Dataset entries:
============
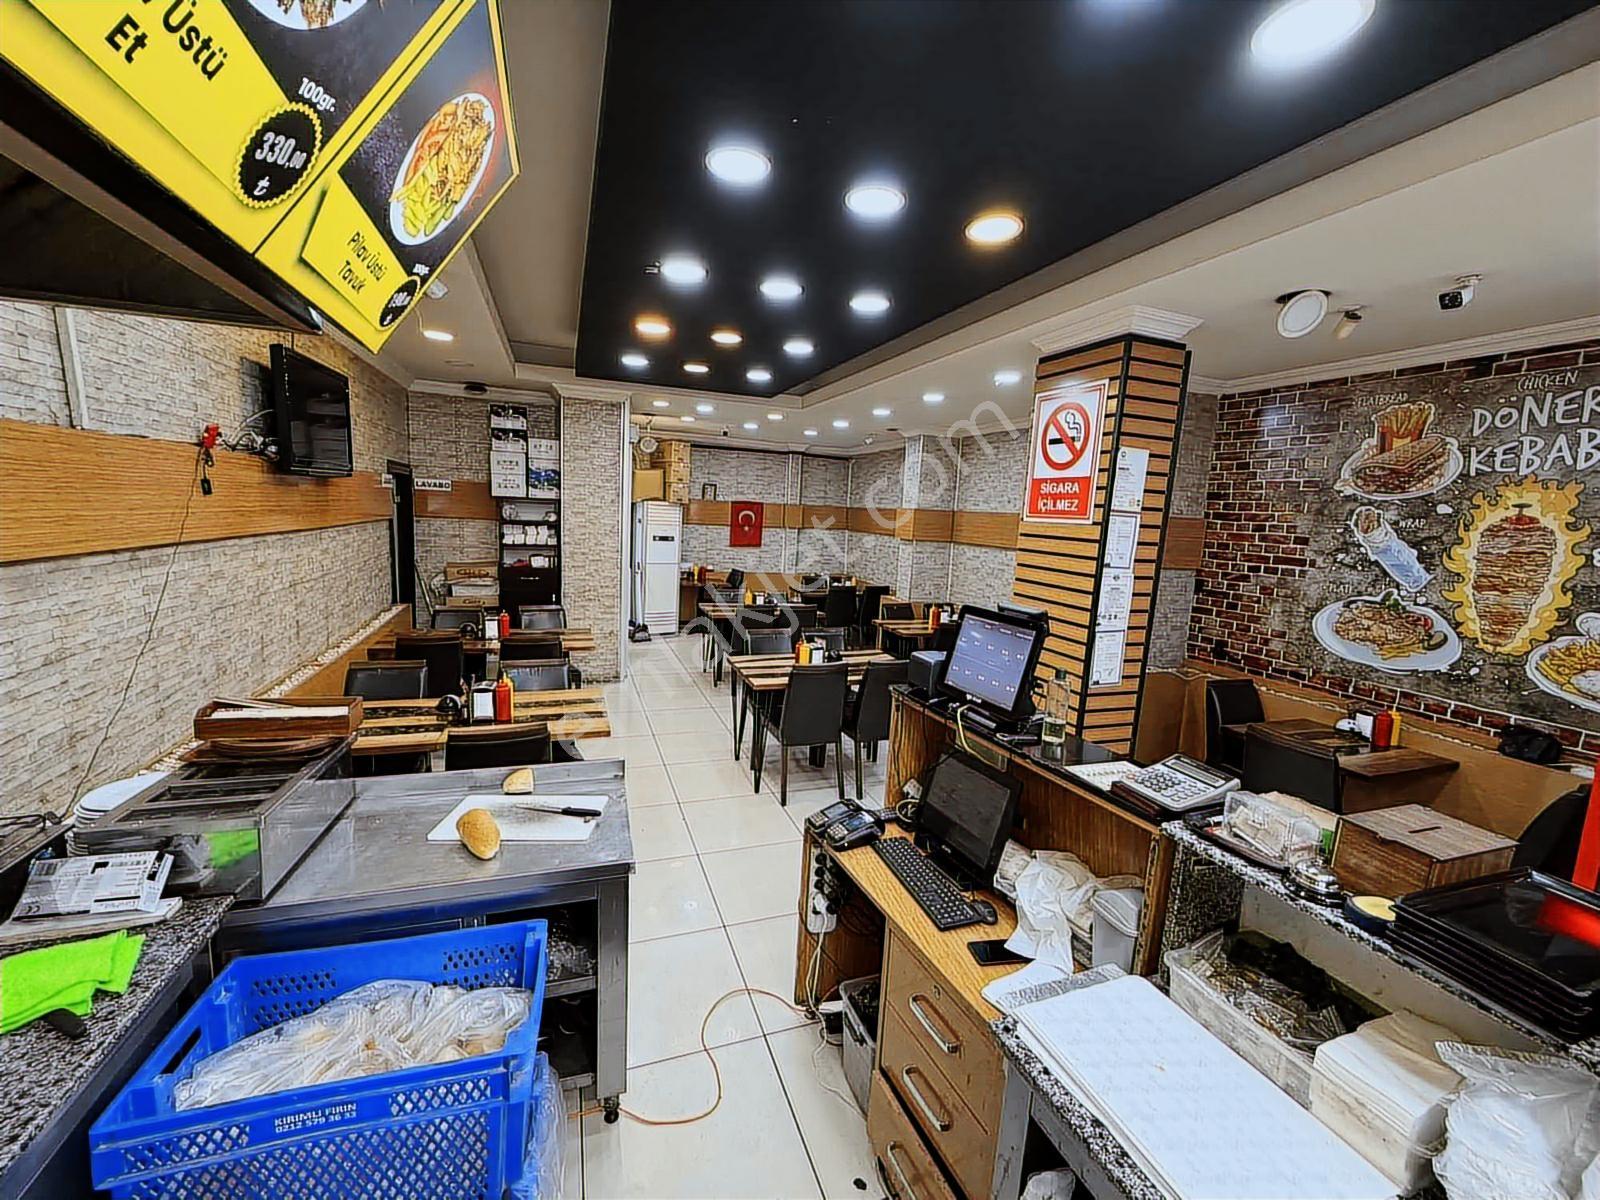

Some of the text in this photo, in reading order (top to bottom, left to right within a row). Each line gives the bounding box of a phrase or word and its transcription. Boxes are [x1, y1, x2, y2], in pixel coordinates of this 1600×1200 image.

[104, 13, 148, 64] Et
[162, 0, 228, 81] Üstü
[298, 77, 336, 112] 100gr.
[255, 131, 307, 169] 330,00
[1517, 371, 1578, 392] CHICKEN
[415, 480, 451, 489] LAVABO
[1040, 480, 1079, 494] SİGARA
[1038, 496, 1078, 513] İÇİLMEZ
[1398, 518, 1427, 529] WRAP
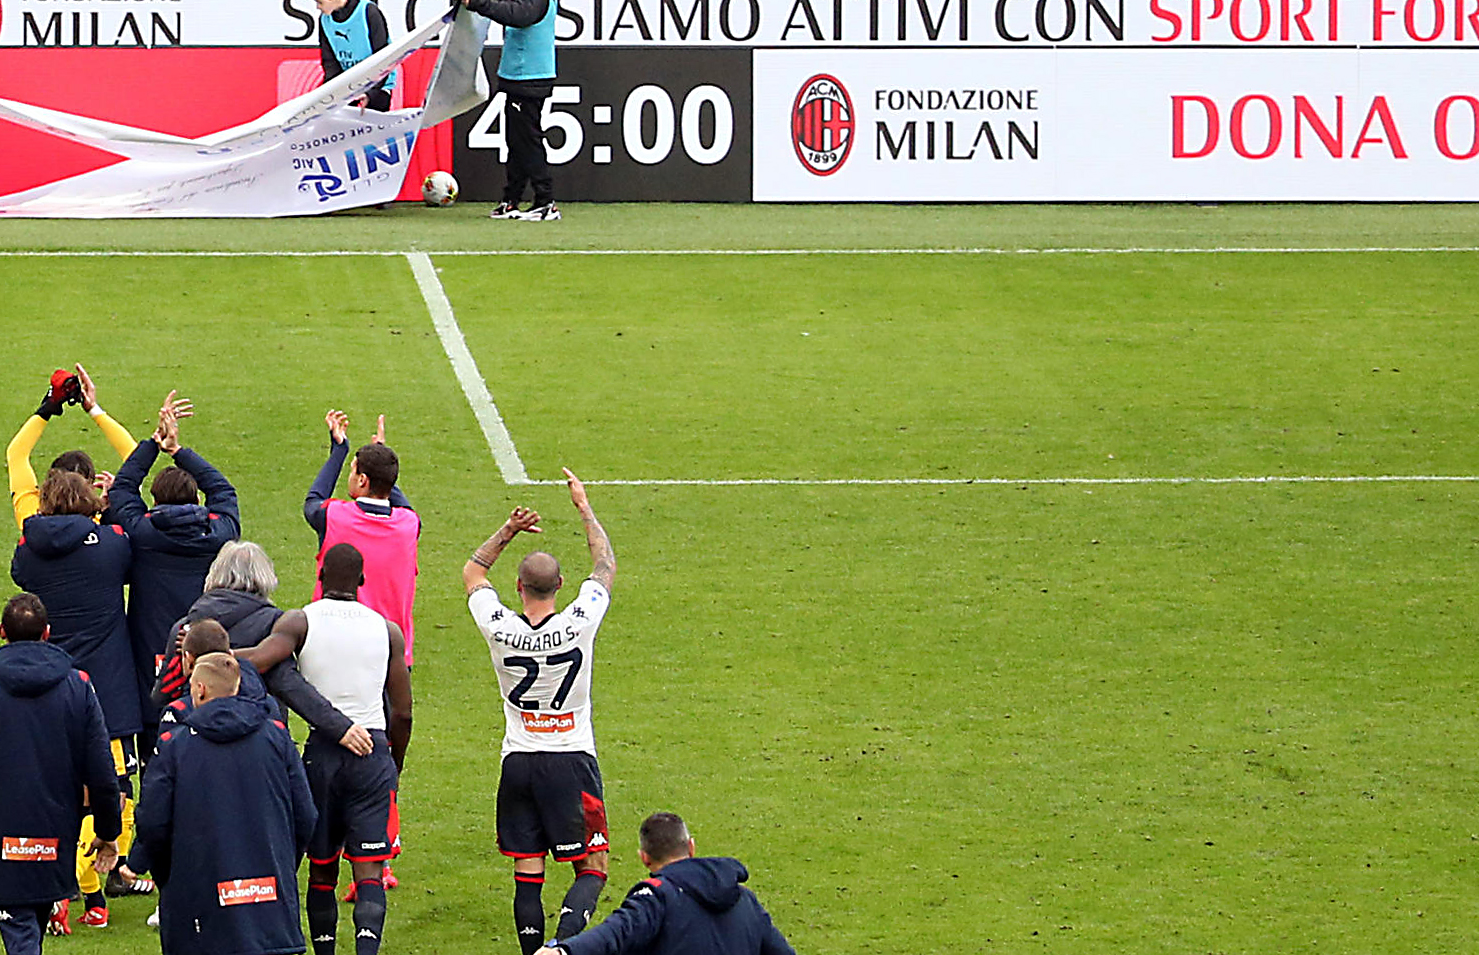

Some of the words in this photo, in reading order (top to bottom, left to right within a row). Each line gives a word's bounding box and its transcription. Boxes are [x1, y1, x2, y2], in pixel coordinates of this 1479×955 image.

[22, 11, 181, 46] MILAN
[806, 82, 841, 101] ACM
[875, 89, 1038, 110] FONDAZIONE
[468, 82, 735, 166] 45:00
[1170, 94, 1409, 160] DONA
[290, 132, 347, 152] CONOSCO
[875, 120, 1038, 161] MILAN
[292, 157, 314, 171] AIC
[808, 152, 838, 163] 1899
[494, 630, 562, 651] STURARO
[503, 646, 583, 711] 27
[523, 717, 572, 728] LeasePlan
[5, 842, 56, 855] LeasePlan
[221, 884, 274, 900] LeasePlan
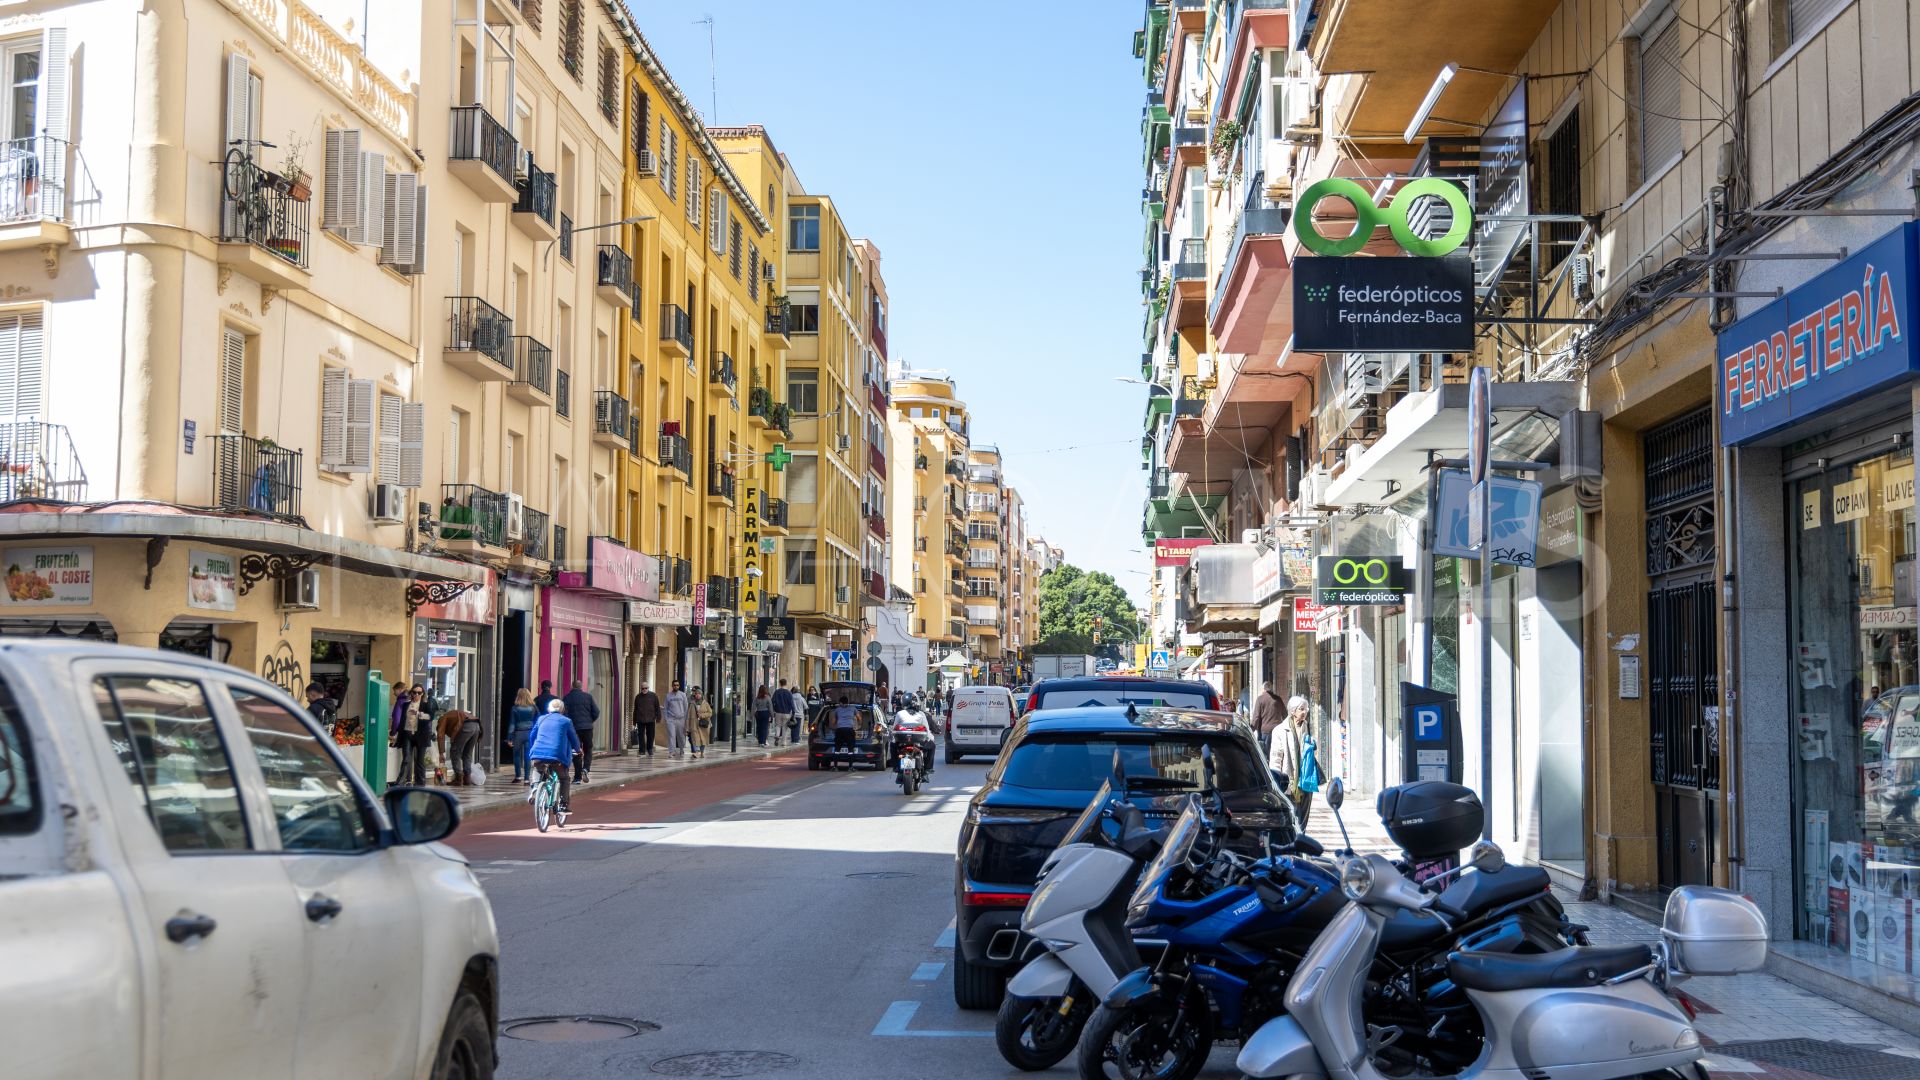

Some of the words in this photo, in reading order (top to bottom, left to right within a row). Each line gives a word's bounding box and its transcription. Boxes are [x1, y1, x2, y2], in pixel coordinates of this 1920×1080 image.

[1484, 143, 1509, 192] LENTES
[1509, 127, 1519, 162] DE
[1483, 175, 1522, 238] CONTACTO
[1337, 285, 1463, 306] federópticos
[1338, 309, 1463, 323] Fernández-Baca
[1724, 263, 1901, 416] FERRETERÍA
[1805, 505, 1813, 521] SE
[744, 488, 758, 602] FARMACIA
[35, 551, 80, 568] FRUTERÍA
[48, 571, 59, 584] AL
[62, 570, 90, 584] COSTE
[696, 584, 704, 625] OBRADOR
[1339, 592, 1400, 603] federópticos
[643, 606, 680, 620] CARMEN
[1418, 711, 1438, 736] P
============
> [Work instructions]:
A faithful, word-for-word copy of the records above, pictures left out, is the answer.

> [Answer]:
Some of the text in this photo, in reading order (top to bottom, left to right within a row). Each line gives the bounding box of a phrase or word and its transcription. Boxes are [x1, y1, x2, y2], in pixel coordinates of this 1600×1200 image.

[104, 13, 148, 64] Et
[162, 0, 228, 81] Üstü
[298, 77, 336, 112] 100gr.
[255, 131, 307, 169] 330,00
[1517, 371, 1578, 392] CHICKEN
[415, 480, 451, 489] LAVABO
[1040, 480, 1079, 494] SİGARA
[1038, 496, 1078, 513] İÇİLMEZ
[1398, 518, 1427, 529] WRAP

Some of the words in this photo, in reading order (top to bottom, left to right within a row). Each line gives a word's bounding box and its transcription. Boxes are [x1, y1, x2, y2], in pixel coordinates of this 1479×955 image.

[22, 11, 181, 46] MILAN
[806, 82, 841, 101] ACM
[875, 89, 1038, 110] FONDAZIONE
[468, 82, 735, 166] 45:00
[1170, 94, 1409, 160] DONA
[290, 132, 347, 152] CONOSCO
[875, 120, 1038, 161] MILAN
[292, 157, 314, 171] AIC
[808, 152, 838, 163] 1899
[494, 630, 562, 651] STURARO
[503, 646, 583, 711] 27
[523, 717, 572, 728] LeasePlan
[5, 842, 56, 855] LeasePlan
[221, 884, 274, 900] LeasePlan

Some of the words in this photo, in reading order (top to bottom, left to right within a row). Each line gives a word's bounding box and its transcription. Boxes are [x1, y1, x2, y2], in pixel coordinates of this 1920×1080 image.

[1484, 143, 1509, 192] LENTES
[1509, 127, 1519, 162] DE
[1483, 175, 1522, 238] CONTACTO
[1337, 285, 1463, 306] federópticos
[1338, 309, 1463, 323] Fernández-Baca
[1724, 263, 1901, 416] FERRETERÍA
[1805, 505, 1813, 521] SE
[744, 488, 758, 602] FARMACIA
[35, 551, 80, 568] FRUTERÍA
[48, 571, 59, 584] AL
[62, 570, 90, 584] COSTE
[696, 584, 704, 625] OBRADOR
[1339, 592, 1400, 603] federópticos
[643, 606, 680, 620] CARMEN
[1418, 711, 1438, 736] P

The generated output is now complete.